Completed on 5 Jun 2018 by Mark Wass.

Login to endorse this review.

Comments to author

The use of Gene Ontology enrichment is widespread across biological sciences to investigate function or processes associated with particular conditions. This manuscript describes a resource called GOTrack that tracks changes in the Gene Ontology between releases over a number of years and enables users to investigate how the results of their enrichment analysis alter depending on the dataset that is used. This appears to be a resource that will be useful to many, including those working regularly with GO/GOA (e.g. those developing methods including for protein function prediction) and also more broadly researchers who want to identify the changes that occur in their system when they have different settings/conditions.

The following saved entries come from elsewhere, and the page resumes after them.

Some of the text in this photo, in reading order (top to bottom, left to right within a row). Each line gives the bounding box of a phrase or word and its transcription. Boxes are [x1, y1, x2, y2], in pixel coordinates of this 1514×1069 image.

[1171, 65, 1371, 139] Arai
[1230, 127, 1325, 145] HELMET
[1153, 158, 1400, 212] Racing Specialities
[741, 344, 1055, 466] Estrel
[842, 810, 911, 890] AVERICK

The manuscript shows that annotations can vary considerably over time and further that the results of enrichment analyses can also change as a result. This appears to be interesting work but I also wonder if some of it is simply obvious. It is well established that Gene Ontology annotations are far from complete - I think less than 1% of proteins in uniprot have been assigned annotations with experimental evidence codes. Clearly there is much that is not known about protein function and therefore the Gene Ontology would be expected to develop over time. Some of this comes across in the discussion but I feel it would be better if the scene was set in the introduction.

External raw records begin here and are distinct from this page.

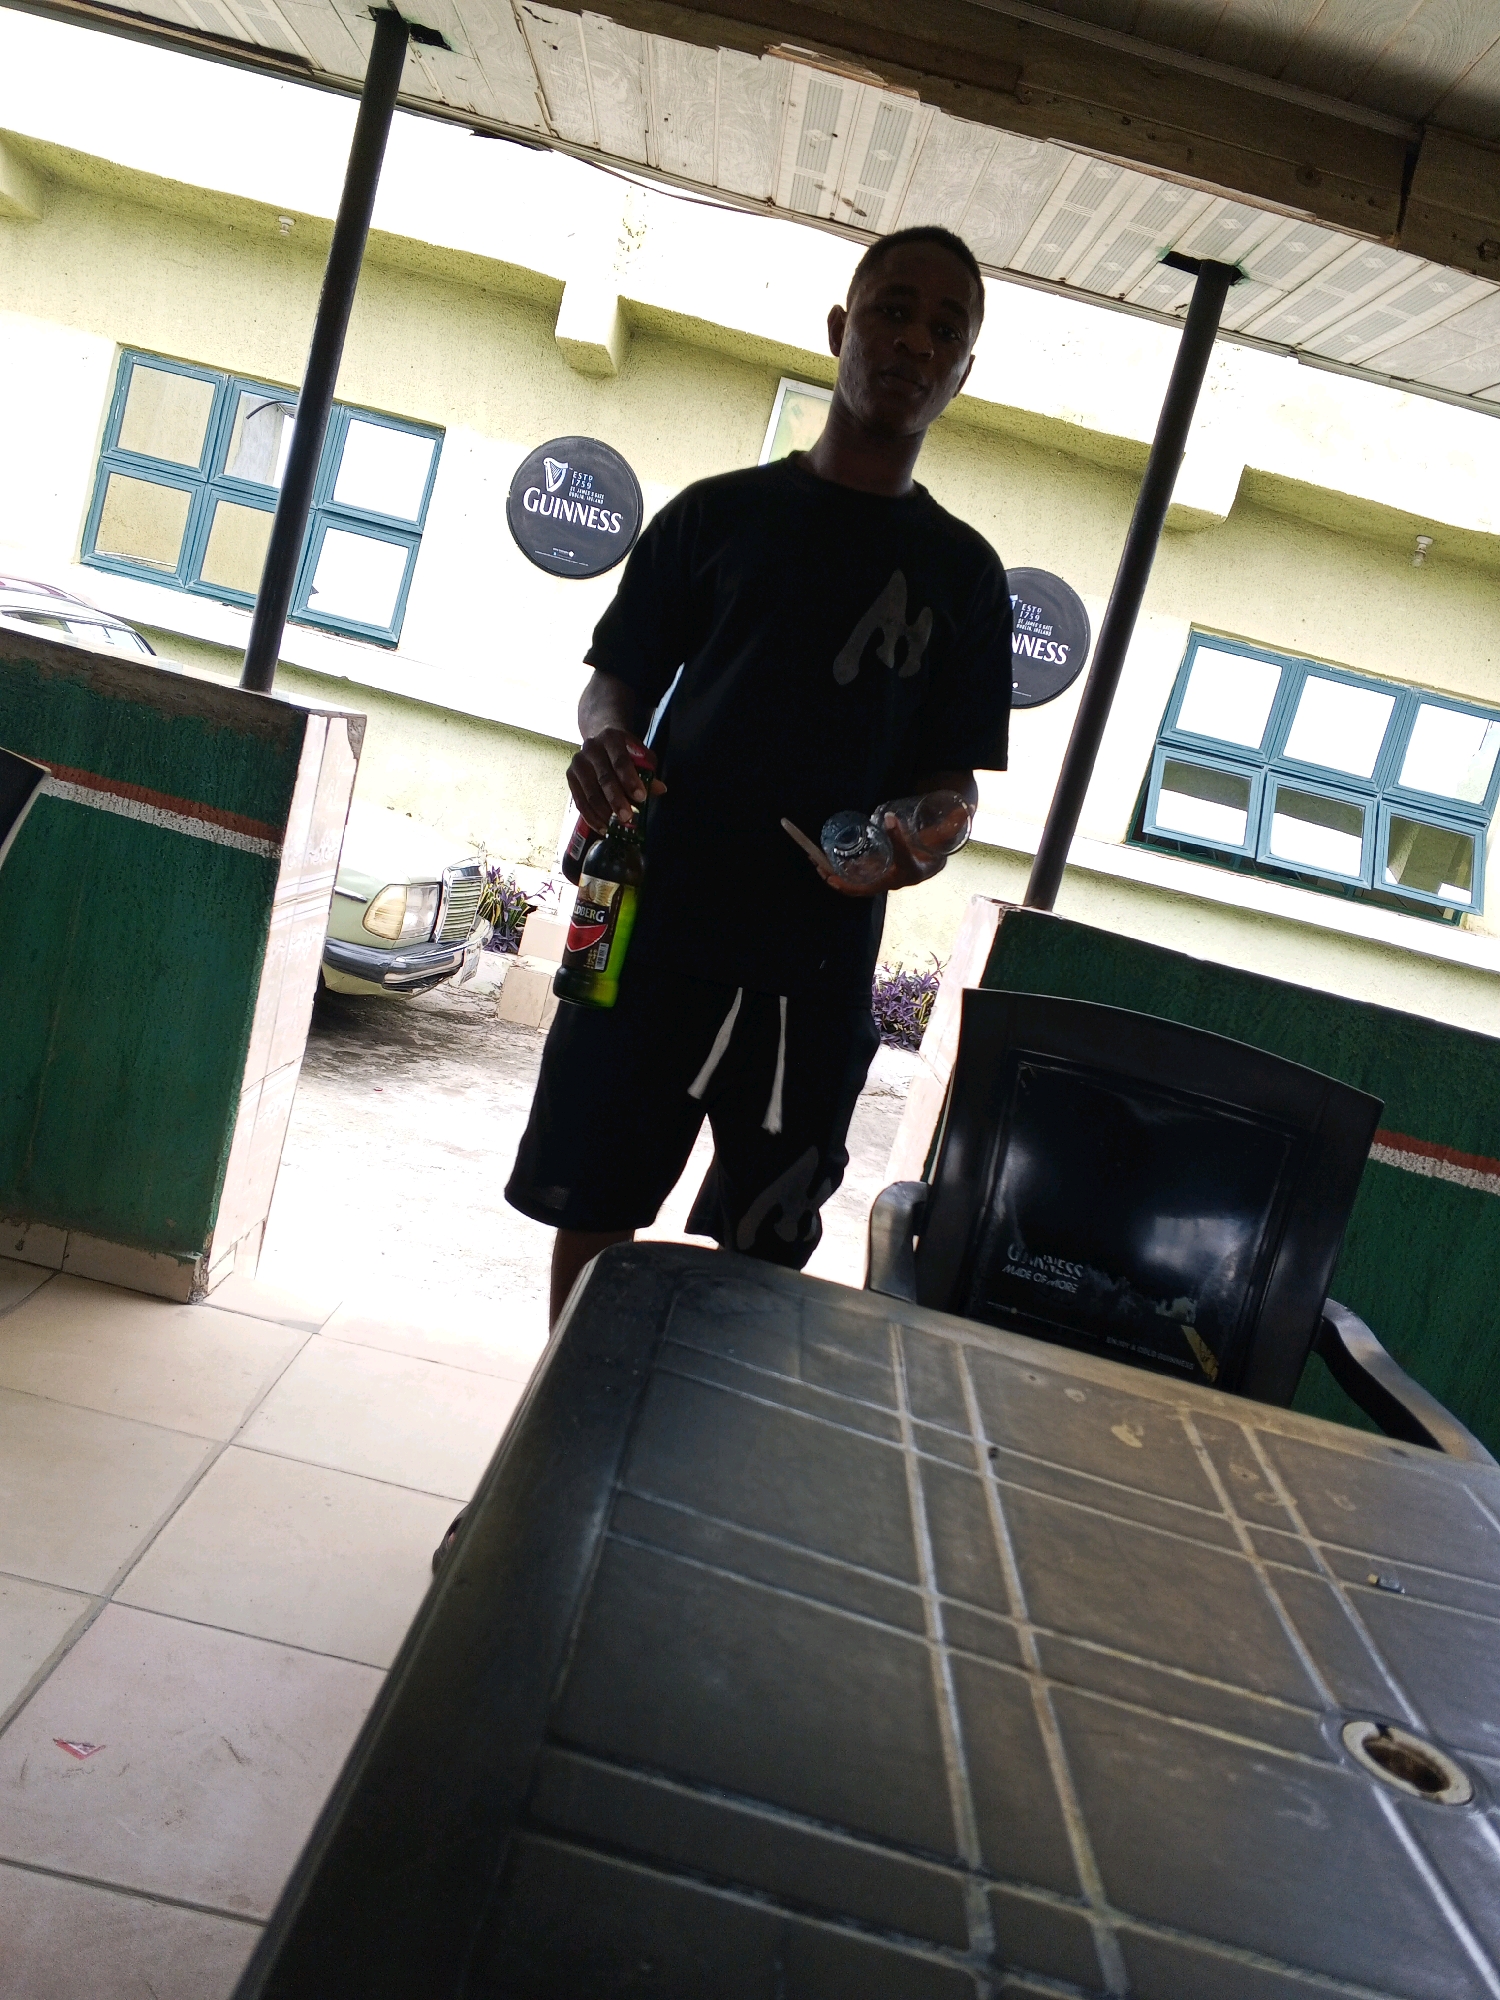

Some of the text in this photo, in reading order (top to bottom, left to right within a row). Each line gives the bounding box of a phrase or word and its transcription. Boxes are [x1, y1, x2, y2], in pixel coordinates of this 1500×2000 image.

[571, 479, 592, 490] 1759
[523, 487, 622, 533] GUINNESS
[1021, 603, 1042, 614] ESTD
[1019, 611, 1040, 621] 1759
[1001, 1264, 1080, 1294] MADE OF MORE
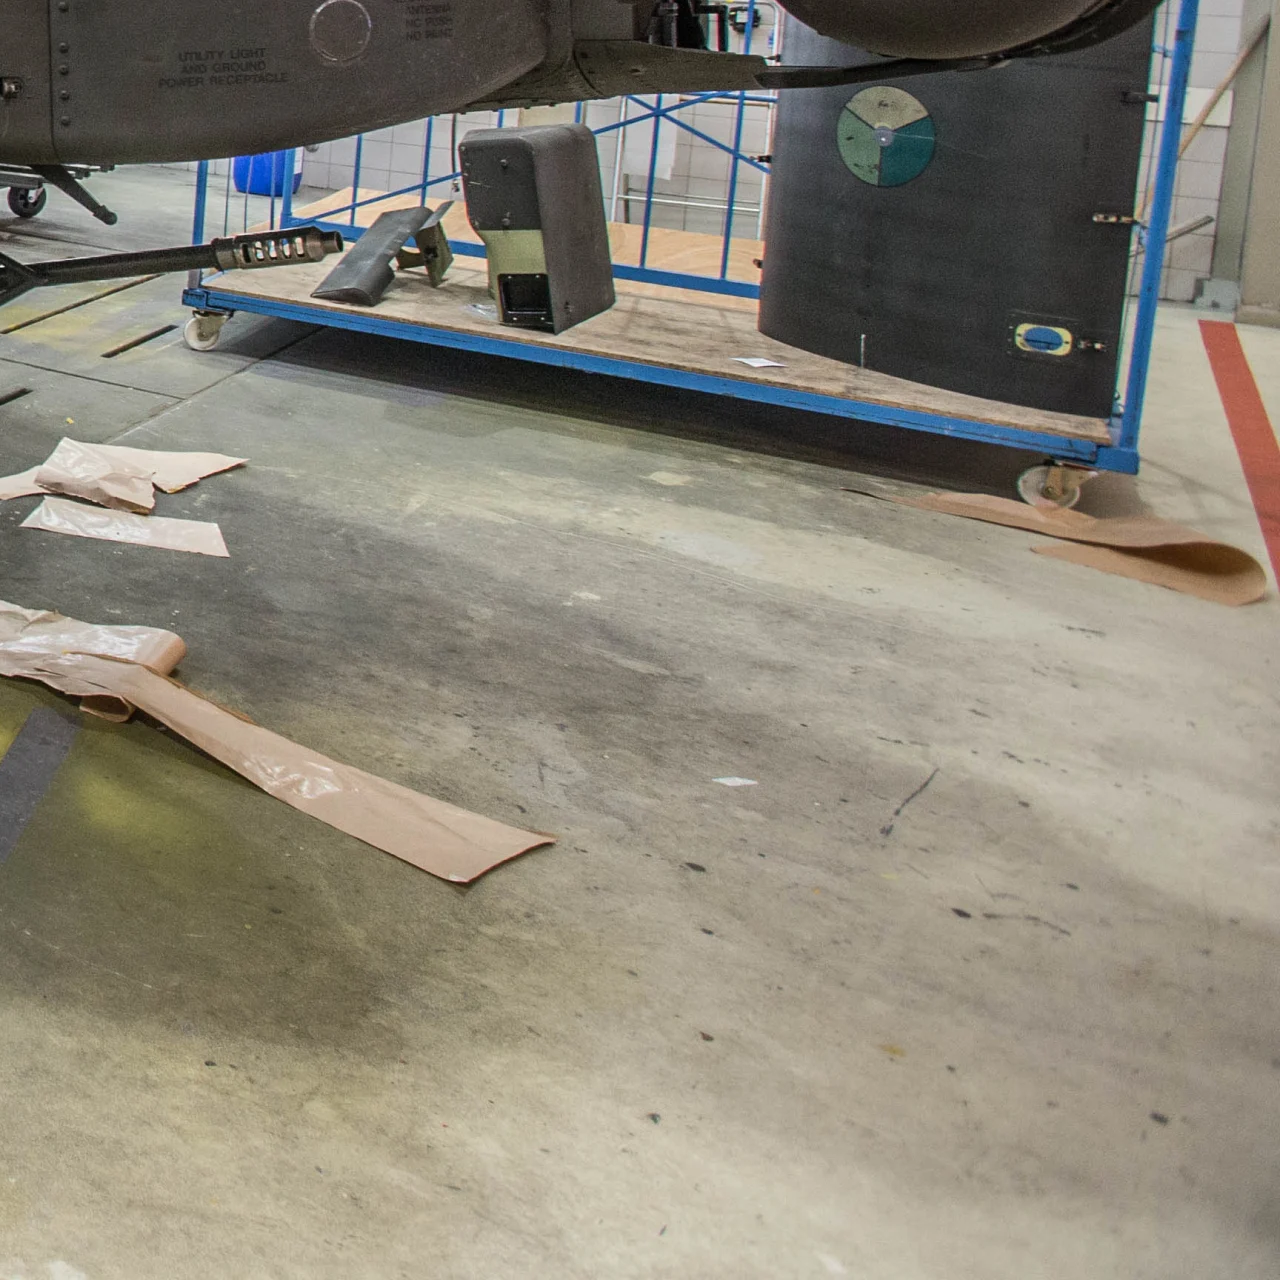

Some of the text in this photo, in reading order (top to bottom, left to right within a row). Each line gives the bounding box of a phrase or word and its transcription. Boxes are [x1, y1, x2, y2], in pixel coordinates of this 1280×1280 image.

The manuscript shows that the GOTrack tool can be used to assess if enrichment analyses are stable over time - surely what researchers are interested in is whether the enrichment analysis that they perform is correct with the latest data set (which would be expected to contain the latest annotations)? It strikes me that if many new annotations are added in a particular release that use of previous release data may give different results and I would want to know if I can be confident based on the data that has been used rather than older data. It also seems that it is one of those problems where there will never be a correct answer unless all genes are fully annotated and this is unlikely to happen.

The manuscript states that it is difficult to predict which GO terms will remain enriched in future datasets and this seems to be me to the most relevant or useful potential feature - looking to older datasets is ok but how useful is this?

In one of the examples ( for ACTC1) the manuscript refers to IEA annotation - Inferred by electronic annotation. My understanding is that these are low confidence and variable should these really be used?